Records from a dataset:
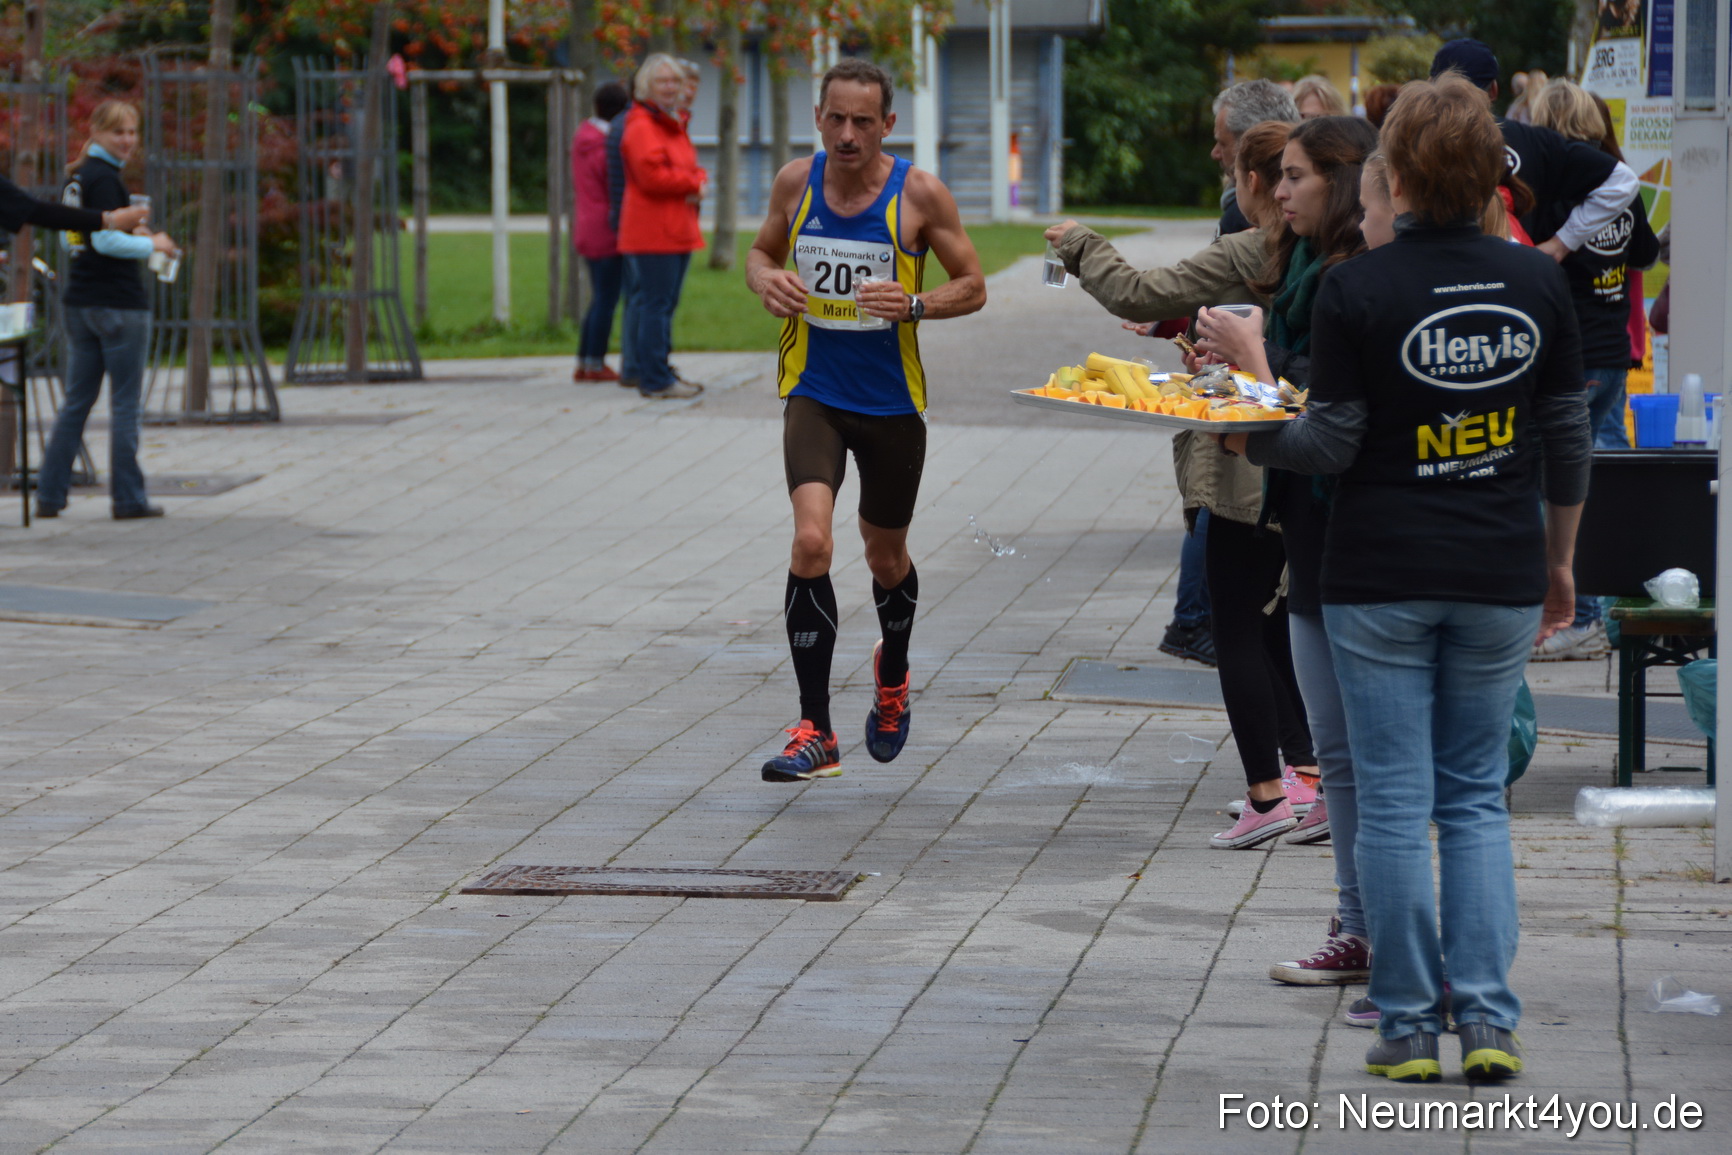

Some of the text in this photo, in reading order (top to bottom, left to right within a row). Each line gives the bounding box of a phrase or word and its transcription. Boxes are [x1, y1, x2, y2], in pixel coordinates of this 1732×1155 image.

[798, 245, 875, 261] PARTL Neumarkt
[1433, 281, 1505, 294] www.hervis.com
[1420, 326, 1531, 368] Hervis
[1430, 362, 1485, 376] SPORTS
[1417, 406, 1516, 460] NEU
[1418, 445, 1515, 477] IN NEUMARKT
==
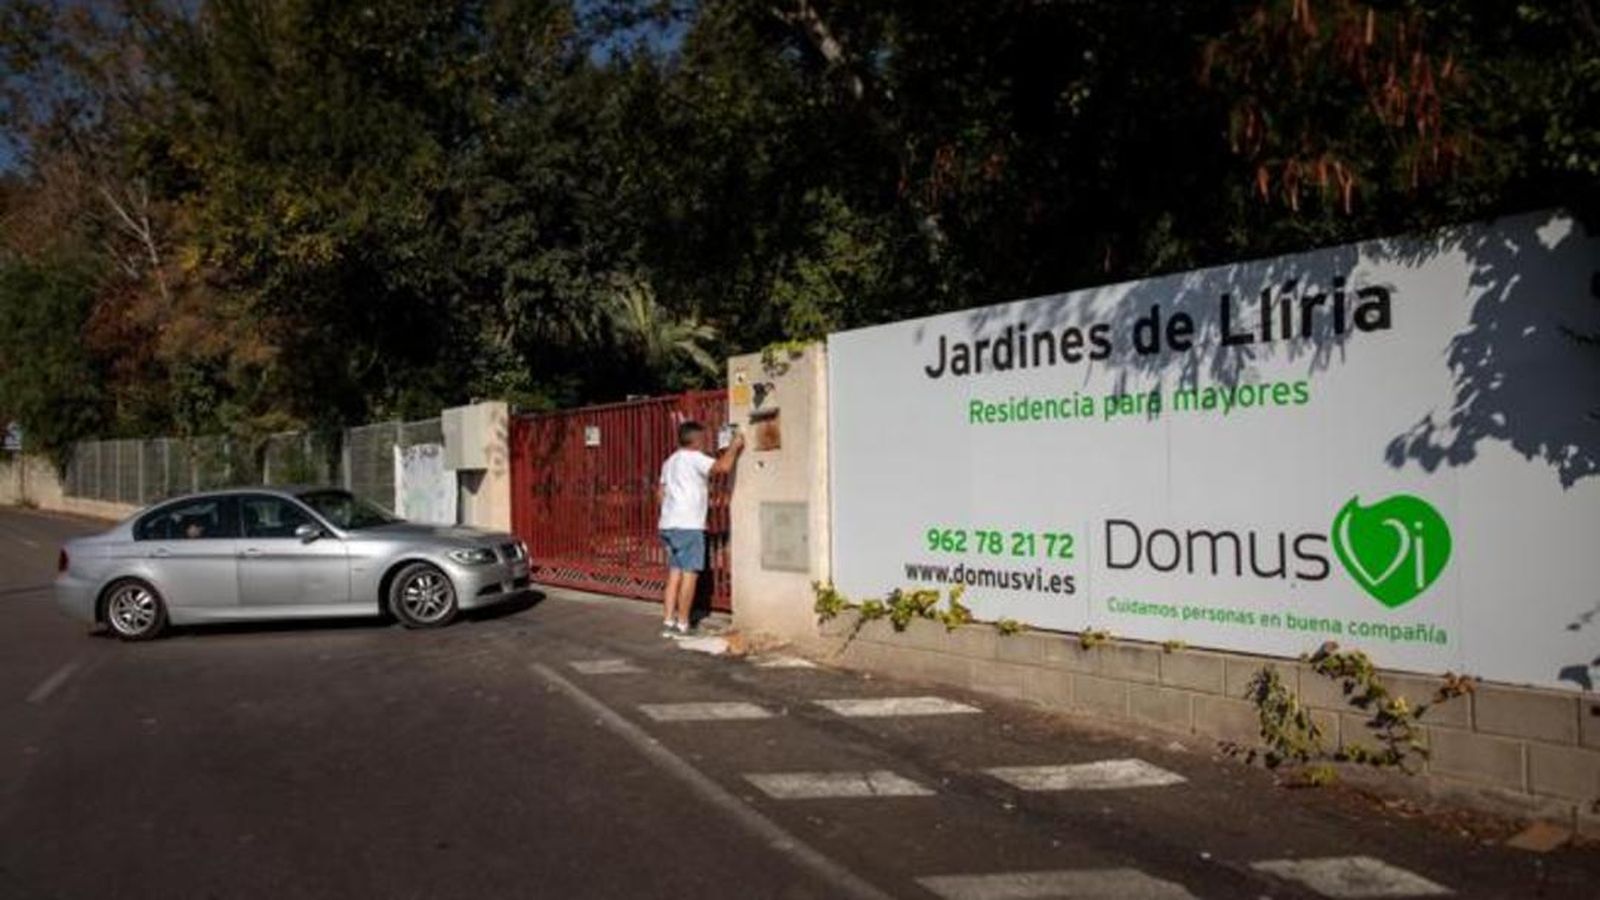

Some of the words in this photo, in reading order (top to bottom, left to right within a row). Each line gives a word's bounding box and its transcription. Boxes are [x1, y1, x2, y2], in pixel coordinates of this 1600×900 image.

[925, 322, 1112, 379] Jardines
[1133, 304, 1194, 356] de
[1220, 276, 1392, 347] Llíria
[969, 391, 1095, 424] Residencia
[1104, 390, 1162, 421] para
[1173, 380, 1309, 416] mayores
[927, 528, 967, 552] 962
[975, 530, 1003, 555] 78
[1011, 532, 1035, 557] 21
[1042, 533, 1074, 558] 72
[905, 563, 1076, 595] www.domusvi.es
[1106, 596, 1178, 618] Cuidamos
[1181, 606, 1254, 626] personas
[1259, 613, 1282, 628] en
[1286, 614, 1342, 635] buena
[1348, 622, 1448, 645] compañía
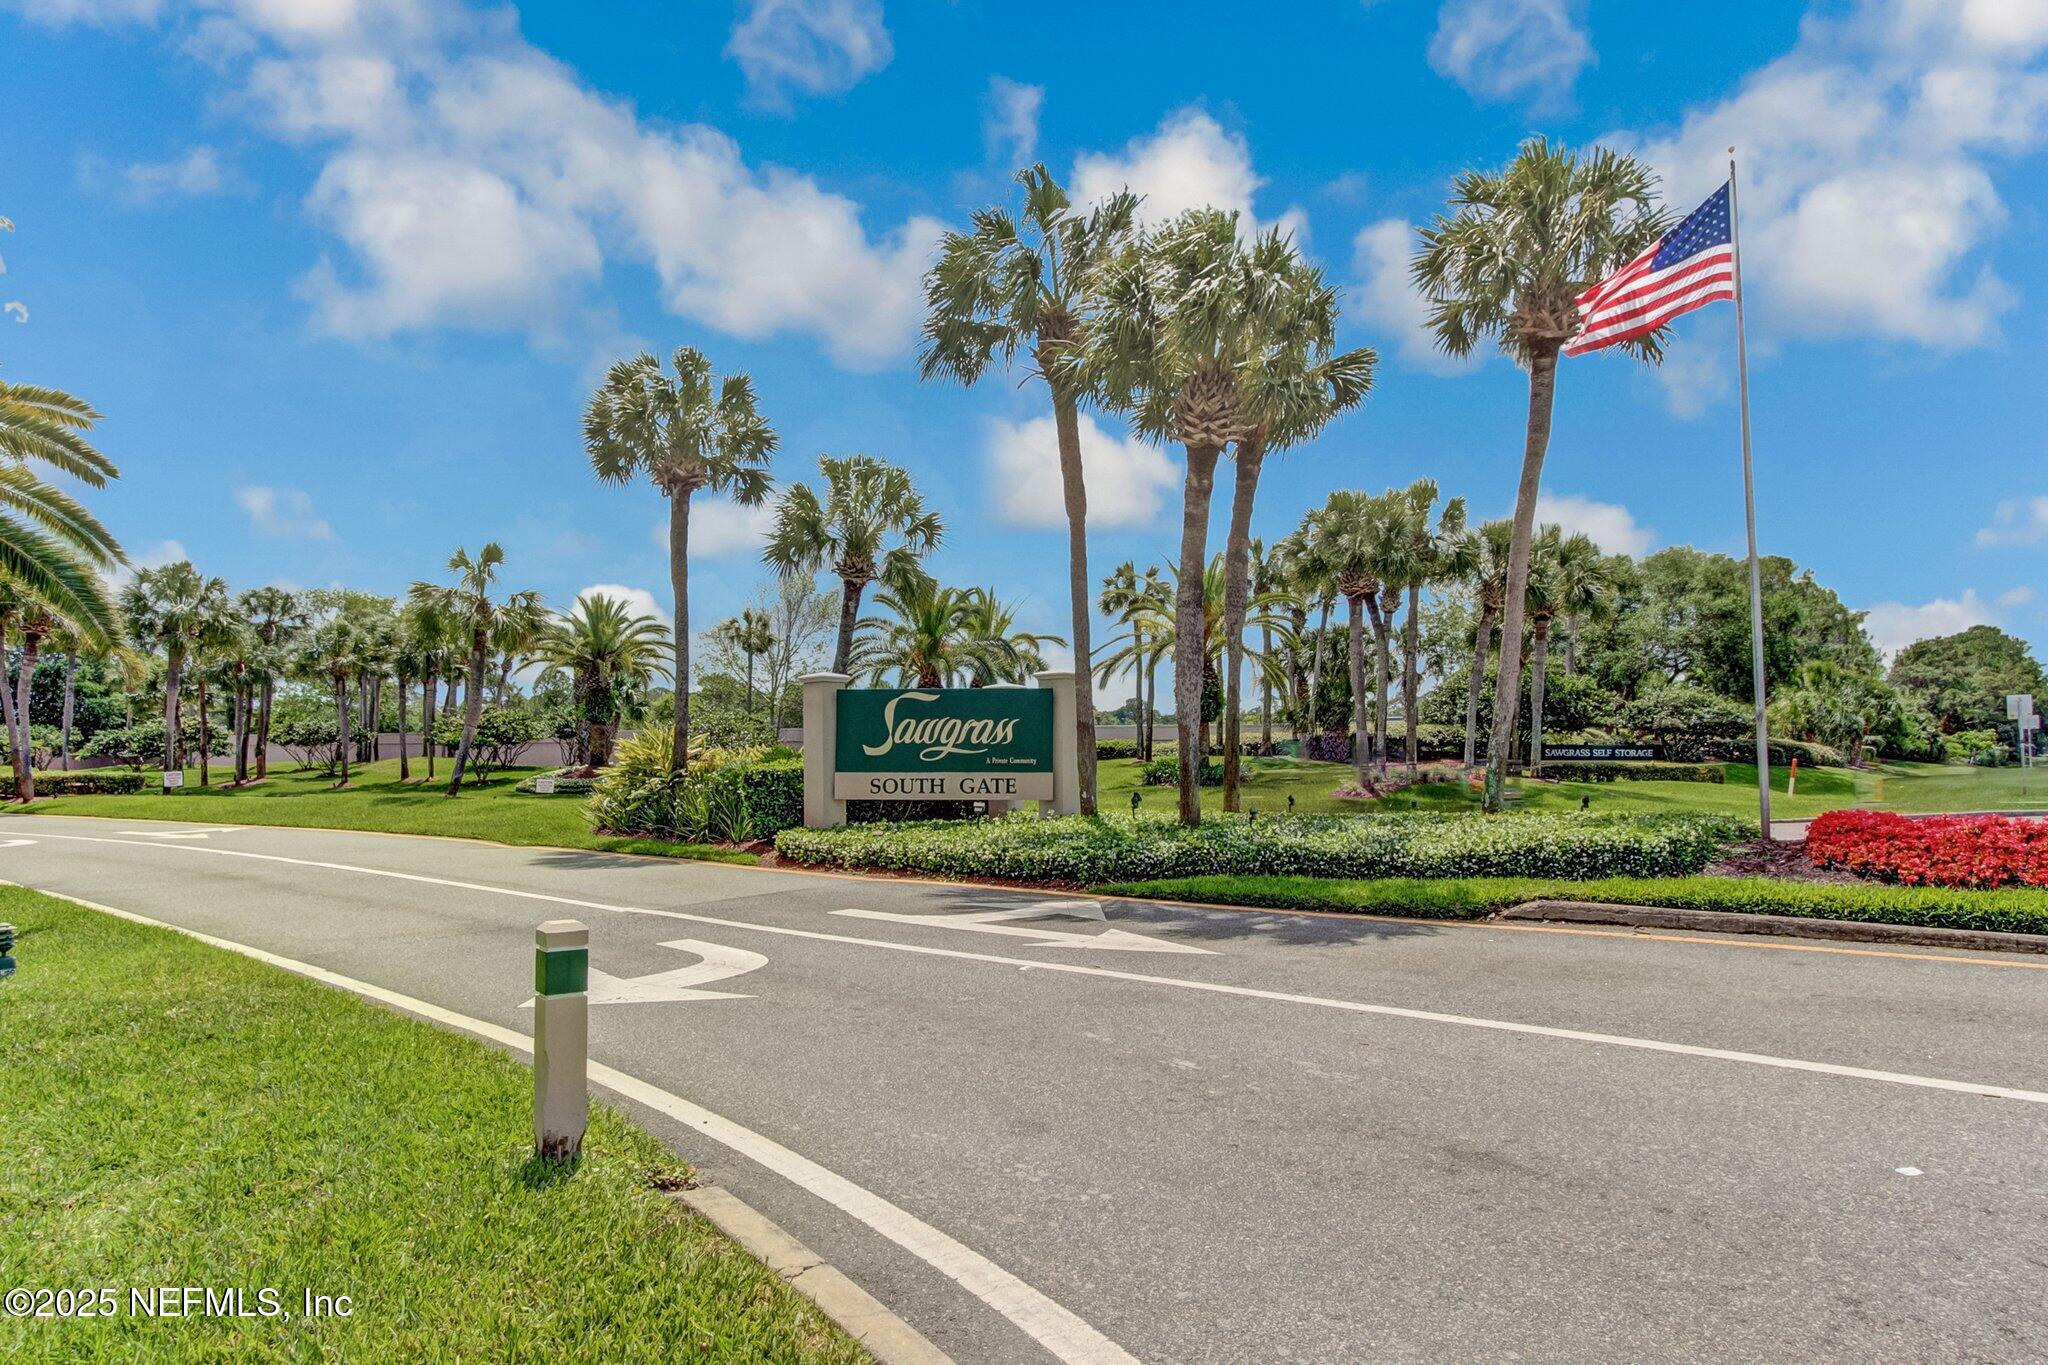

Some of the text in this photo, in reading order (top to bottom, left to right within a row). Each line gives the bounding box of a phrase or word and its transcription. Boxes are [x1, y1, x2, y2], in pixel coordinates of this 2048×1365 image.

Task objective
Take the lines above starting at the one containing "Some of the words" and ending at the one containing "this 2048×1365 image.", and print them again exactly, without pictures.

Solution for this exercise
Some of the words in this photo, in reading order (top to bottom, left to right within a row). Each line gives a word's bounding box and its transcription. Boxes are [x1, y1, x2, y2], in pixel coordinates of this 1600×900 image.

[925, 322, 1112, 379] Jardines
[1133, 304, 1194, 356] de
[1220, 276, 1392, 347] Llíria
[969, 391, 1095, 424] Residencia
[1104, 390, 1162, 421] para
[1173, 380, 1309, 416] mayores
[927, 528, 967, 552] 962
[975, 530, 1003, 555] 78
[1011, 532, 1035, 557] 21
[1042, 533, 1074, 558] 72
[905, 563, 1076, 595] www.domusvi.es
[1106, 596, 1178, 618] Cuidamos
[1181, 606, 1254, 626] personas
[1259, 613, 1282, 628] en
[1286, 614, 1342, 635] buena
[1348, 622, 1448, 645] compañía

Some of the text in this photo, in reading order (top to bottom, left to right within a row). Each line gives the bounding box of a phrase or word and its transcription. Boxes are [x1, y1, x2, y2], in pixel coordinates of this 2048×1365 image.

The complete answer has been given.